Die Stille war quälend; deinen Blick hielt ich auch nicht mehr aus, und für die nächsten fünf Minuten, wenigstens die, hatte anscheinend keiner von uns einen Plan oder zumindest einen Vorschlag. Den machte nun ich, und er überraschte mich mehr als euch. Hört mal zu, Jungs, sprach ich munter wie eine Turnlehrerin, ich muß jetzt wirklich weiter, ein paar Dinge erledigen. Doch falls ihr am Sonntag nichts Besseres vorhabt, könnten wir gemeinsam essen, bei mir in Moabit. Ich mach Spargel mit kleinen Schnitzeln. Oder möchtet ihr lieber Rouladen?
In deinem Gesicht ging etwas vor, was ich nicht zu deuten vermochte; doch dann erhellte sich deine Miene, so enorm, als wären all die düsteren Gedanken, die sich in den Stirnfalten über deinen eben noch hochgezogenen Augenbrauen verborgen hatten, hervorgekrochen und binnen einer Sekunde zu paarungsbereiten Glühwürmchen mutiert.»Au ja«, riefst du,»Spargel hatten wir lange nicht mehr.«
Ich schrieb euch meine Telefonnummer, die richtige, auf eine Serviette, ebenso meine Adresse.
«Aha, Moabit. Auch ne schöne Gegend, stimmt’s, Ben?«sagtest du heiter und seltsam gedehnt, so, als hätte ich gerade einen Witz erzählt, den du dir unbedingt merken müßtest.
Wir verabredeten uns für sechs Uhr abends. Ich sargte meinen Kasper wieder ein, klemmte mir den Karton unter einen Arm, die Tasche unter den anderen und die Rose zwischen die Zähne und machte mich winkend vom Acker. Ihr hattet behauptet, noch sitzen bleiben zu wollen.
Draußen atmete ich tief durch, lief los ohne Sinn und Verstand. Ob ihr kommen würdet, war mir nicht egal, deinetwegen.

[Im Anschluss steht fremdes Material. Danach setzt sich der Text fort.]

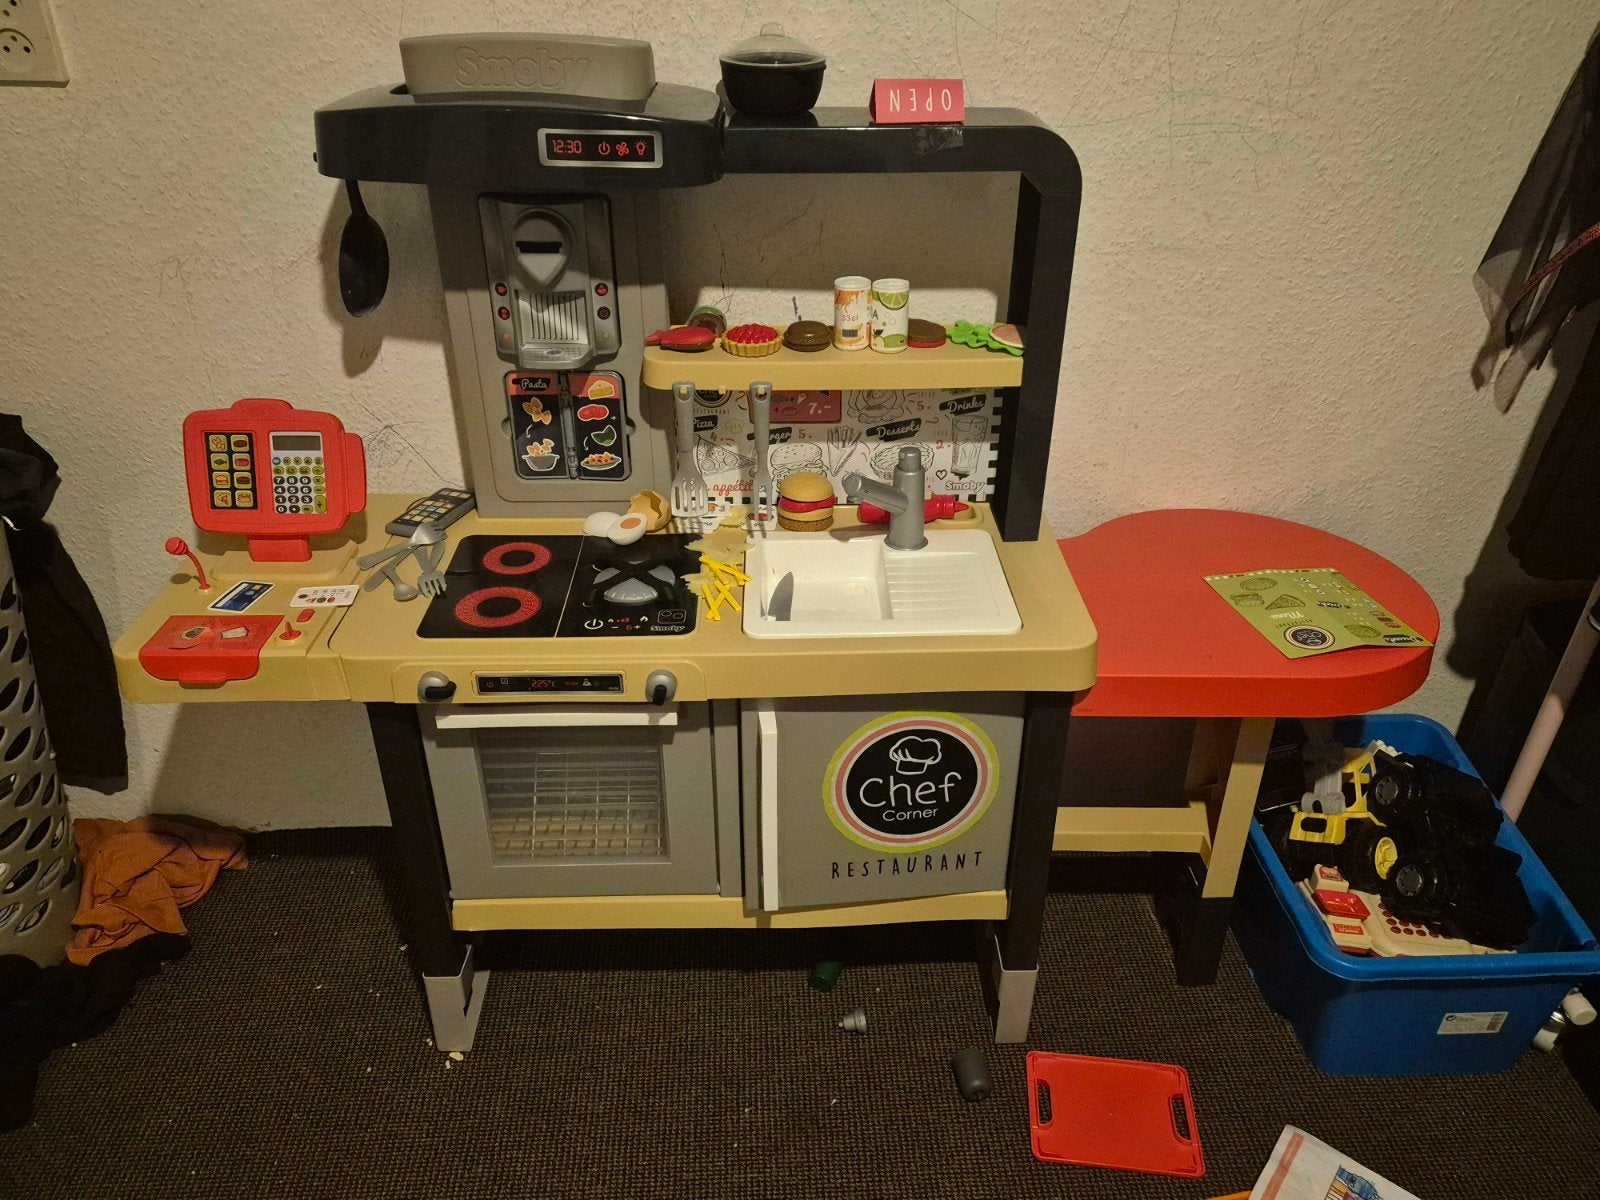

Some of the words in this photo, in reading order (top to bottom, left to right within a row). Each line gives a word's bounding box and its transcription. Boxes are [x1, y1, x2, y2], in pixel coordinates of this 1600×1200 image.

[453, 46, 591, 94] Smoby
[889, 87, 952, 112] OPEN
[551, 139, 583, 154] 12:30
[521, 378, 548, 390] Pasta
[947, 396, 985, 413] Drinks
[876, 420, 921, 437] Desserts
[945, 480, 985, 493] Smoby
[859, 771, 962, 808] Chef
[882, 808, 939, 822] Corner
[831, 851, 983, 880] RESTAURANT

Dennoch hätte ich nicht zu sagen gewußt, ob ich mehr hoffte oder eher fürchtete, daß ich übermorgen alleine dasäße mit meinen zwei Litern Bouillon, der Schüssel voll Obstsalat, den vier Kilo Spargel und den zehn Schnitzeln; soviel sollte es schon sein, selbst wenn ich vergeblich auf euch warten und in der Nacht mal wieder alles vor die Tür meiner kinderreichen Nachbarn stellen würde.
Hinterm Winterfeldtplatz, in einem Laden, der» Zum Affen «hieß und nicht so aussah, als könnte er auch euch zur Einkehr verlocken, gönnte ich mir erst mal ein Bier. Ich war froh, der Situation entronnen zu sein, und vermißte dich doch schon. Allmählich begriff ich, daß ich nun auch hier einen Menschen kannte, einen männlichen zudem, der nicht in solch einem durchsichtigen Sack steckte, den ich damals noch als Zellophan- oder Plastebeutel bezeichnet hätte und nicht mit dem blödsinnigen Wort Plastiktüte, das mir seither kaum leichter über die Lippen kommt (doch derart kleine Opfer darf eine perfekte Assimilation wohl verlangen).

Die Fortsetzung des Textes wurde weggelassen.